▶ _What this task involves_: Where an entry holds an image, skip the image but reproduce the rest word for word.

▶ _Exercise input_:
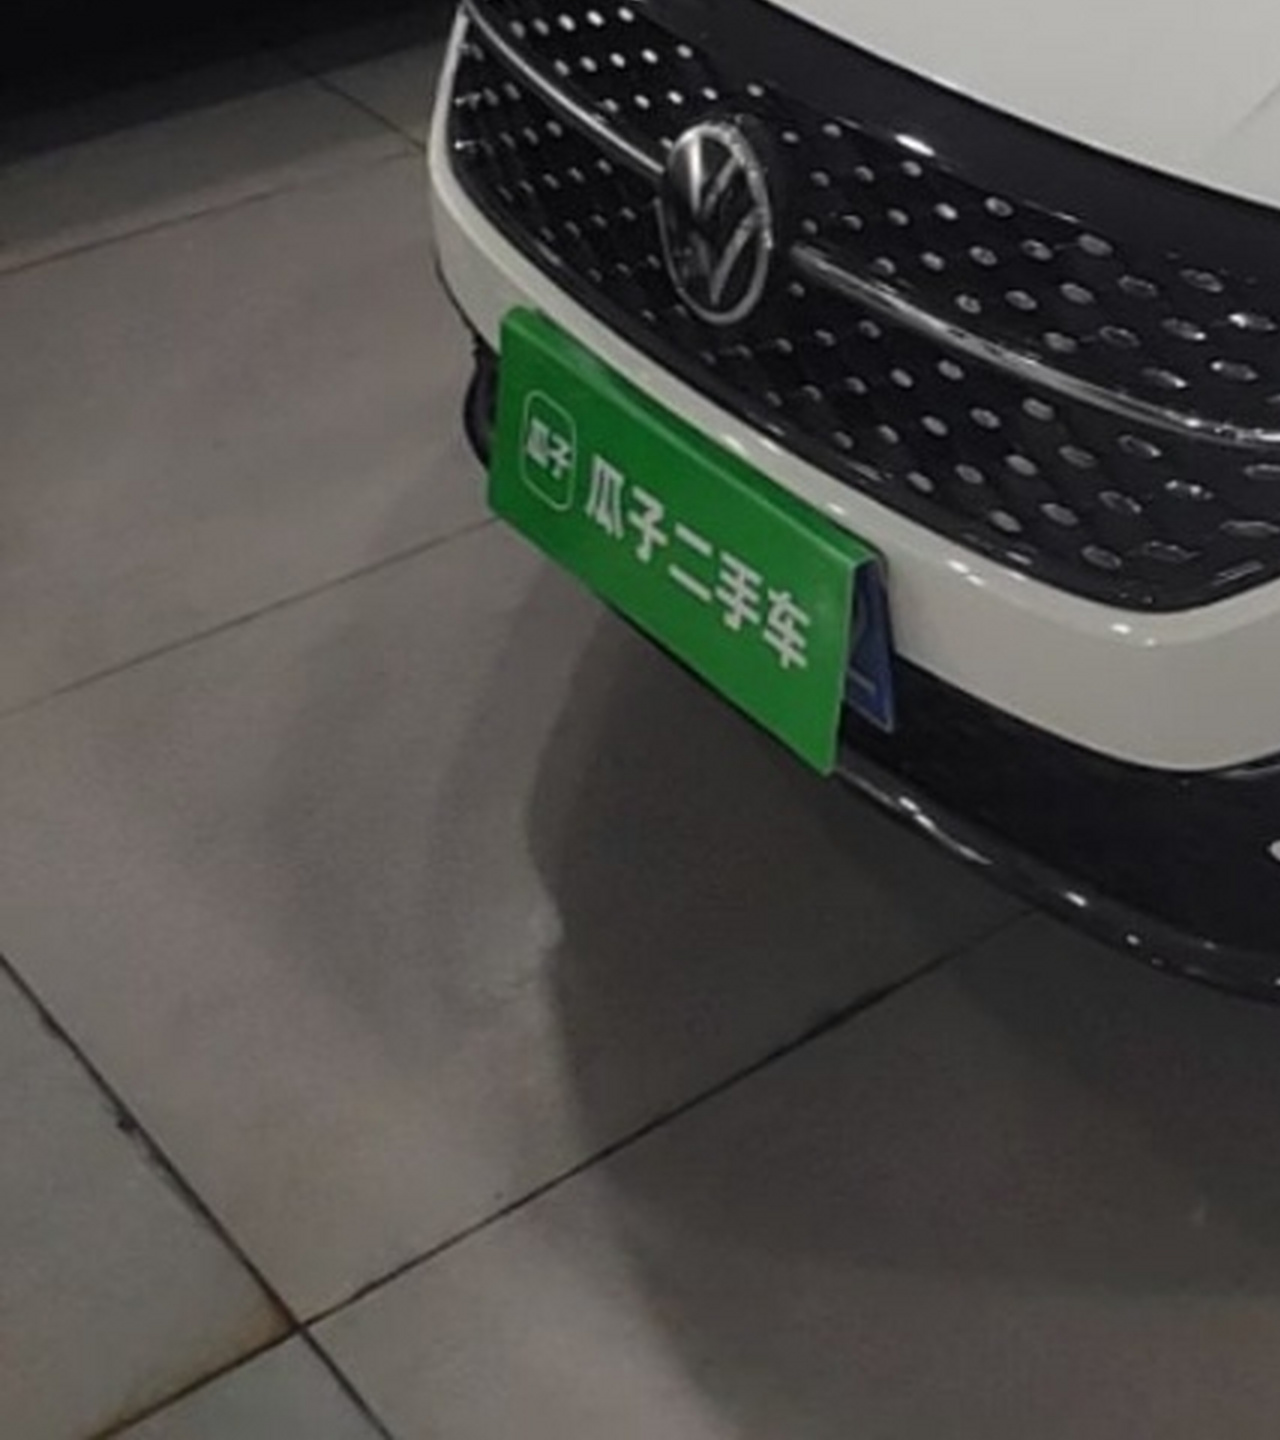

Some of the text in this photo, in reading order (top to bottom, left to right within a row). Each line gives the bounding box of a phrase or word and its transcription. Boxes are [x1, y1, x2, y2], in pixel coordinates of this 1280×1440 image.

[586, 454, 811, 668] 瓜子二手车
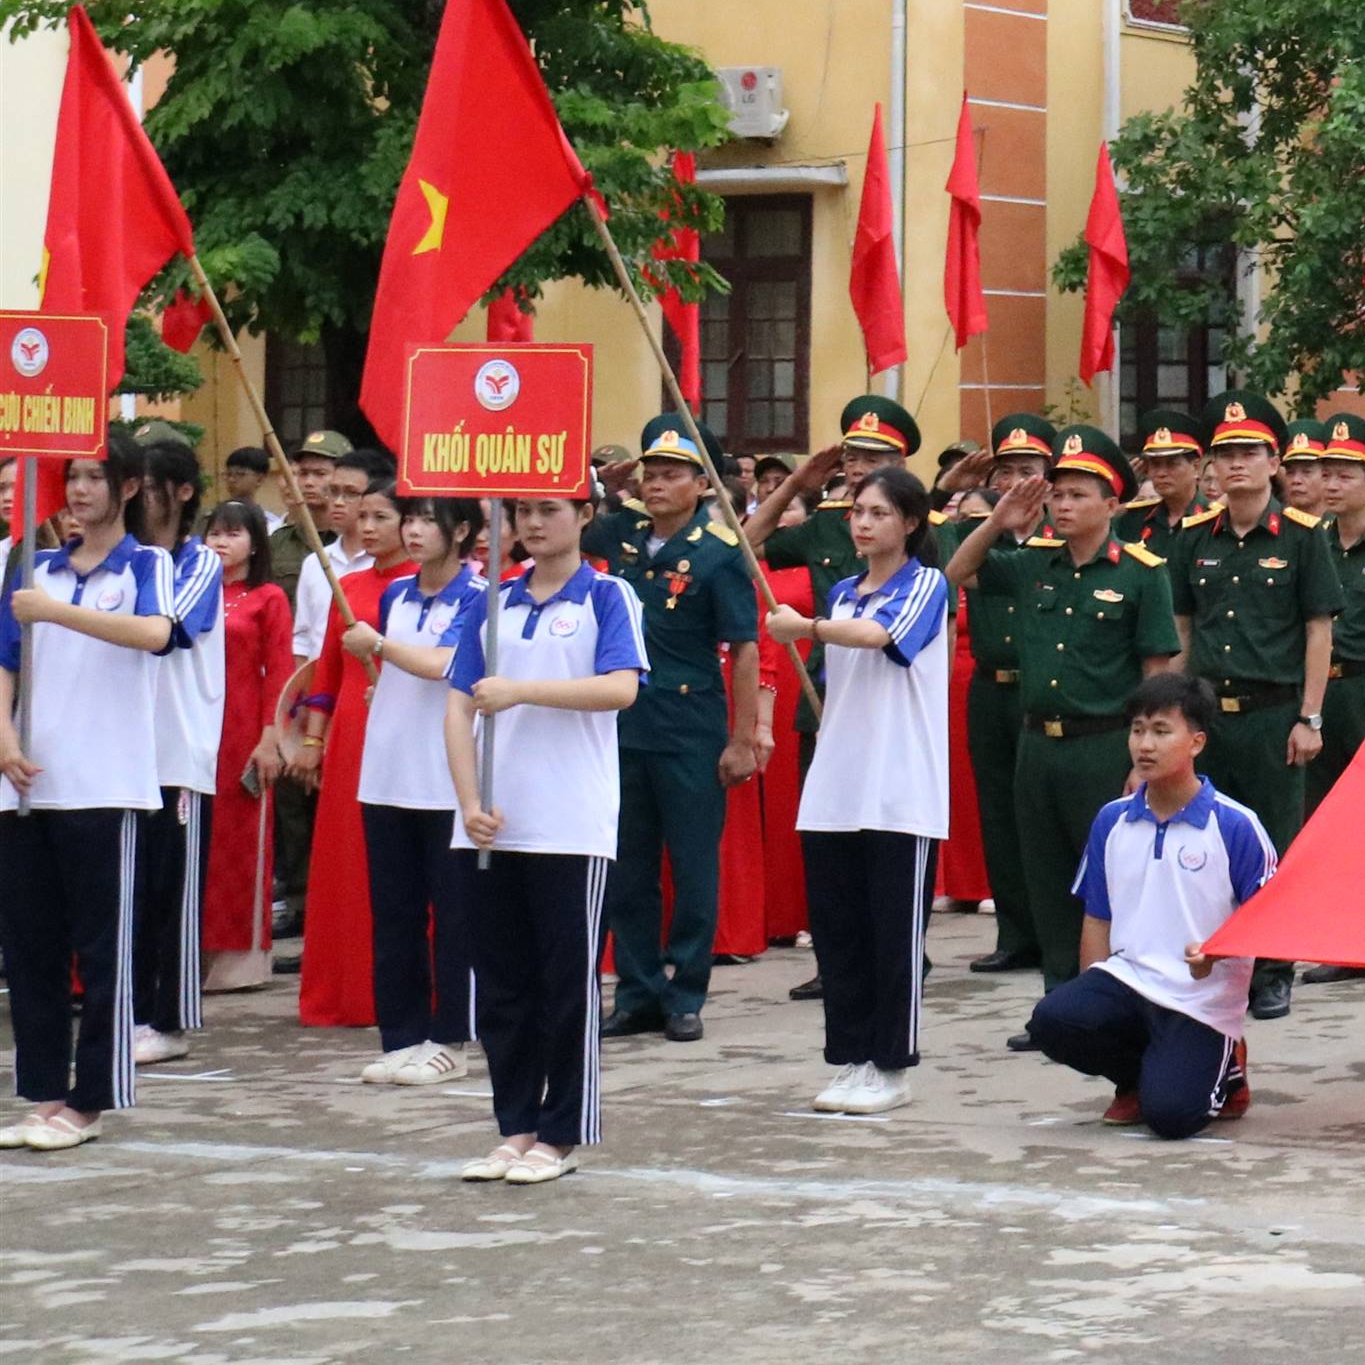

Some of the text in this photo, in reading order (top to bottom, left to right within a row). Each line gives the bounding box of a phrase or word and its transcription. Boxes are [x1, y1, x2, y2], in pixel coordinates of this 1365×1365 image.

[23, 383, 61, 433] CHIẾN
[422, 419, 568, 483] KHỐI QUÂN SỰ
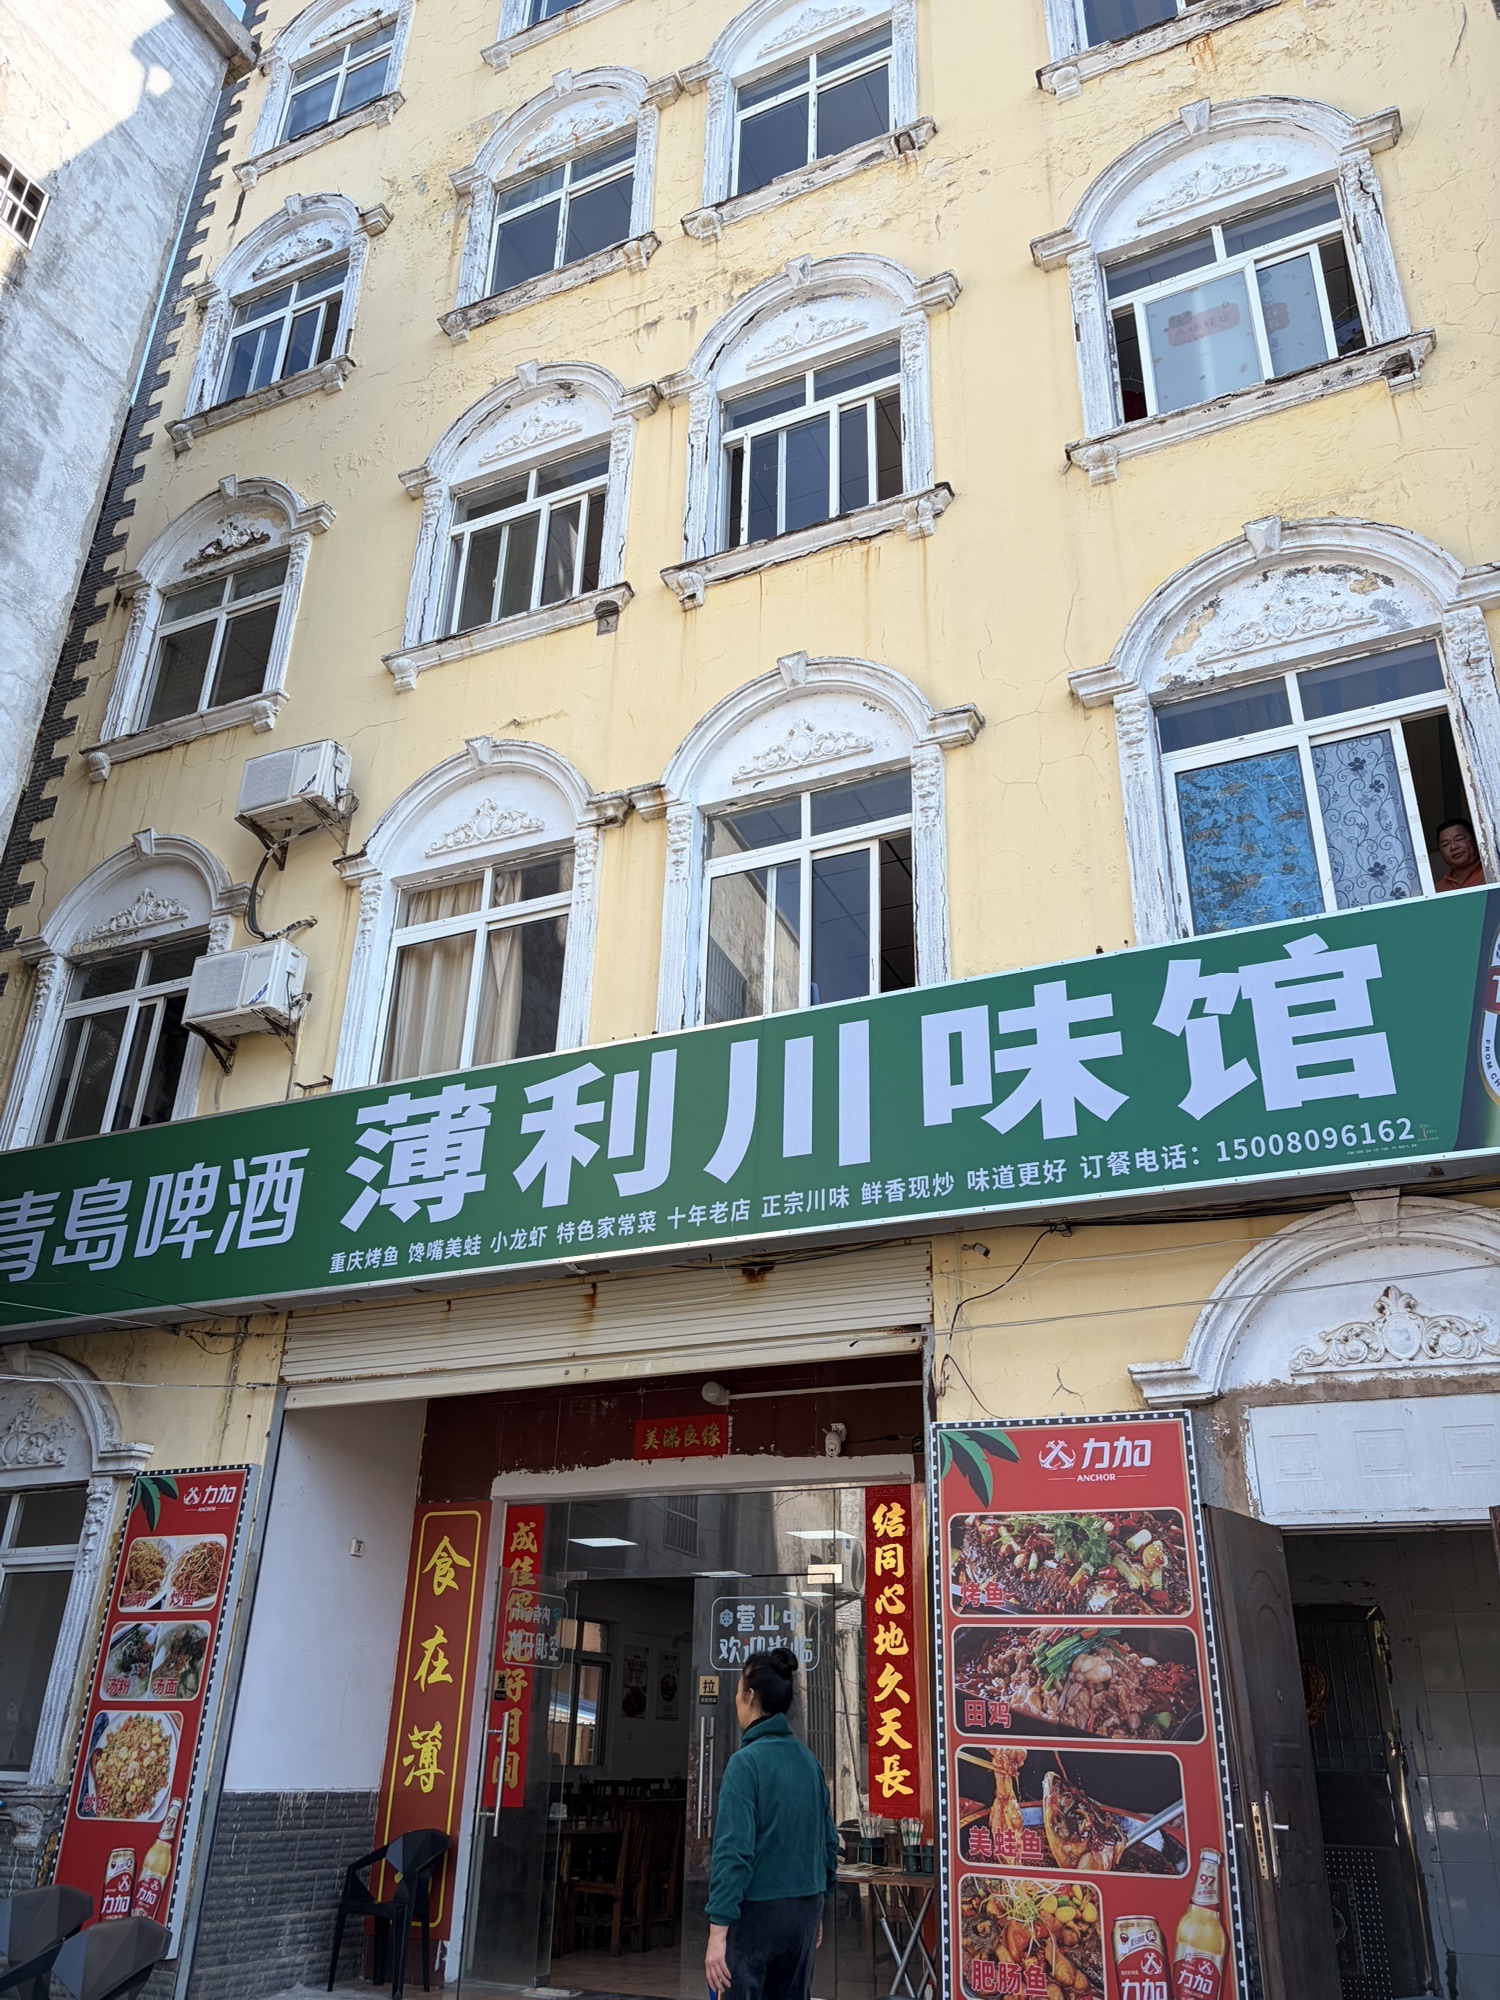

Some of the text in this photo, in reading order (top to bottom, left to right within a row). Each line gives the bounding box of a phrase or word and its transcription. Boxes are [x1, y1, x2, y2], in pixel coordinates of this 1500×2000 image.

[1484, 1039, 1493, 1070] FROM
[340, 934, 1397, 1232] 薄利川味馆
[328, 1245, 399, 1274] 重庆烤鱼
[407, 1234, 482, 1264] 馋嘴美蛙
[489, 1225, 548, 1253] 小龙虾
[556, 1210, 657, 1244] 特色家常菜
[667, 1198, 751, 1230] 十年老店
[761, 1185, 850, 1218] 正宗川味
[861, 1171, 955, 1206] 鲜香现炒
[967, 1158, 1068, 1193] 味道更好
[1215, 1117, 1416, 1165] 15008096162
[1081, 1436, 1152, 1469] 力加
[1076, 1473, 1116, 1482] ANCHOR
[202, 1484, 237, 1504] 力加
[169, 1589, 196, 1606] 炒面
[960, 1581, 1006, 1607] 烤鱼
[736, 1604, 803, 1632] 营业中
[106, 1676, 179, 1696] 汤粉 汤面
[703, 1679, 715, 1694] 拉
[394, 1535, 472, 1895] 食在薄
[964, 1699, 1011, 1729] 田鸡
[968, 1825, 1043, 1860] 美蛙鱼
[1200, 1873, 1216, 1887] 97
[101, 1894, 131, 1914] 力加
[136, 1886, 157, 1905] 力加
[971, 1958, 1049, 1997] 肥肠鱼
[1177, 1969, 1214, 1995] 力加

▶ _Result of this exercise_:
Some of the text in this photo, in reading order (top to bottom, left to right within a row). Each line gives the bounding box of a phrase or word and its transcription. Boxes are [x1, y1, x2, y2], in pixel coordinates of this 1280×1440 image.

[586, 454, 811, 668] 瓜子二手车

Some of the text in this photo, in reading order (top to bottom, left to right within a row). Each line gives the bounding box of a phrase or word and its transcription. Boxes are [x1, y1, x2, y2], in pixel coordinates of this 1365×1365 image.

[23, 383, 61, 433] CHIẾN
[422, 419, 568, 483] KHỐI QUÂN SỰ

Some of the text in this photo, in reading order (top to bottom, left to right within a row). Each line gives the bounding box of a phrase or word and its transcription. Boxes are [x1, y1, x2, y2], in pixel coordinates of this 1500×2000 image.

[1484, 1039, 1493, 1070] FROM
[340, 934, 1397, 1232] 薄利川味馆
[328, 1245, 399, 1274] 重庆烤鱼
[407, 1234, 482, 1264] 馋嘴美蛙
[489, 1225, 548, 1253] 小龙虾
[556, 1210, 657, 1244] 特色家常菜
[667, 1198, 751, 1230] 十年老店
[761, 1185, 850, 1218] 正宗川味
[861, 1171, 955, 1206] 鲜香现炒
[967, 1158, 1068, 1193] 味道更好
[1215, 1117, 1416, 1165] 15008096162
[1081, 1436, 1152, 1469] 力加
[1076, 1473, 1116, 1482] ANCHOR
[202, 1484, 237, 1504] 力加
[169, 1589, 196, 1606] 炒面
[960, 1581, 1006, 1607] 烤鱼
[736, 1604, 803, 1632] 营业中
[106, 1676, 179, 1696] 汤粉 汤面
[703, 1679, 715, 1694] 拉
[394, 1535, 472, 1895] 食在薄
[964, 1699, 1011, 1729] 田鸡
[968, 1825, 1043, 1860] 美蛙鱼
[1200, 1873, 1216, 1887] 97
[101, 1894, 131, 1914] 力加
[136, 1886, 157, 1905] 力加
[971, 1958, 1049, 1997] 肥肠鱼
[1177, 1969, 1214, 1995] 力加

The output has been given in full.